◆ Your goal ◆
Could you set down every entry exactly as it stands, without the images?

Referring expression grounding data
====
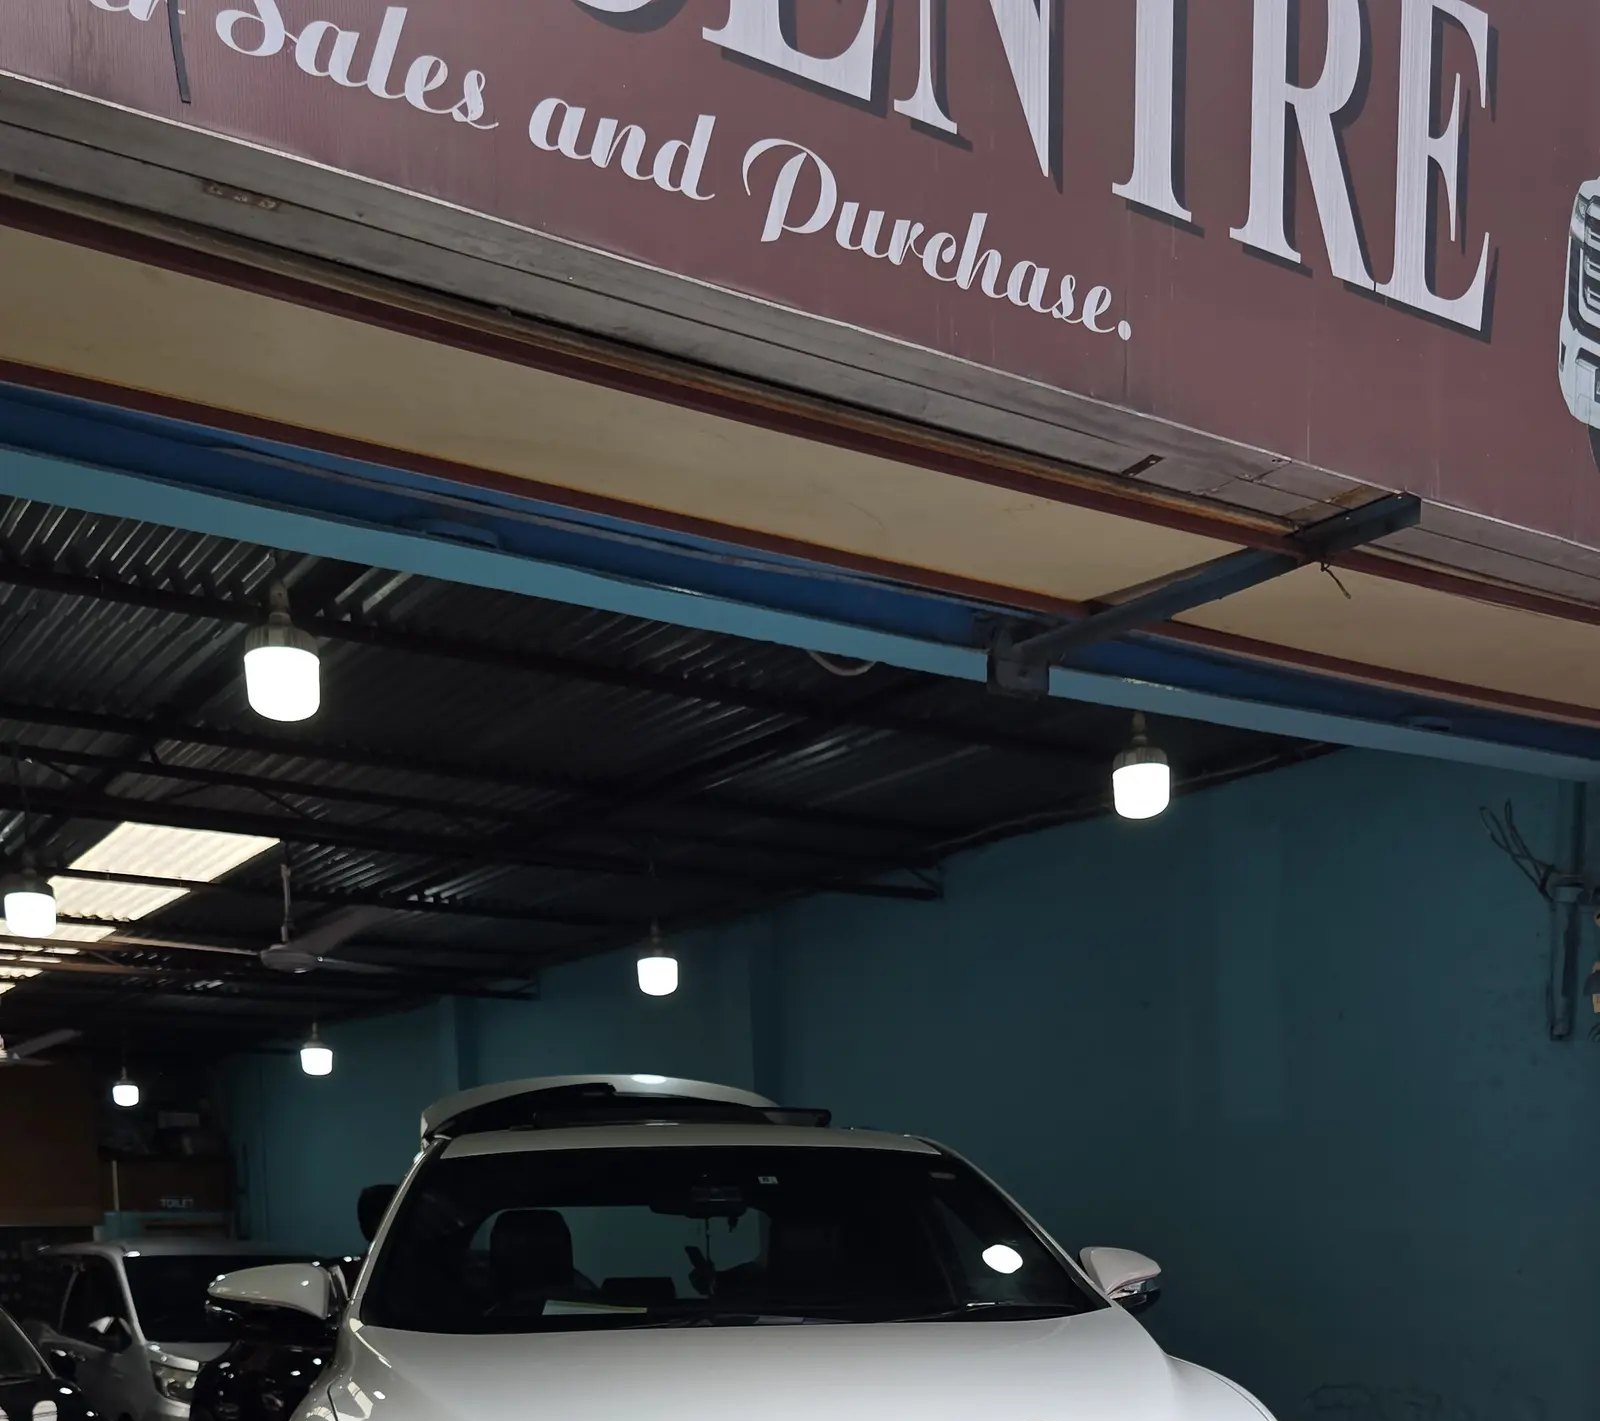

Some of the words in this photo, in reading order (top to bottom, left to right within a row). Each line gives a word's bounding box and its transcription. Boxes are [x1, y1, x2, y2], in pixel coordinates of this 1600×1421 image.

[215, 0, 499, 130] Sales
[528, 97, 716, 201] and
[741, 138, 1132, 342] Purchase.
[574, 0, 1490, 332] NTRE
====
◆ Task result ◆
Some of the words in this photo, in reading order (top to bottom, left to right within a row). Each line gives a word's bounding box and its transcription. Boxes are [x1, y1, x2, y2], in pixel coordinates of this 1600×1421 image.

[215, 0, 499, 130] Sales
[528, 97, 716, 201] and
[741, 138, 1132, 342] Purchase.
[574, 0, 1490, 332] NTRE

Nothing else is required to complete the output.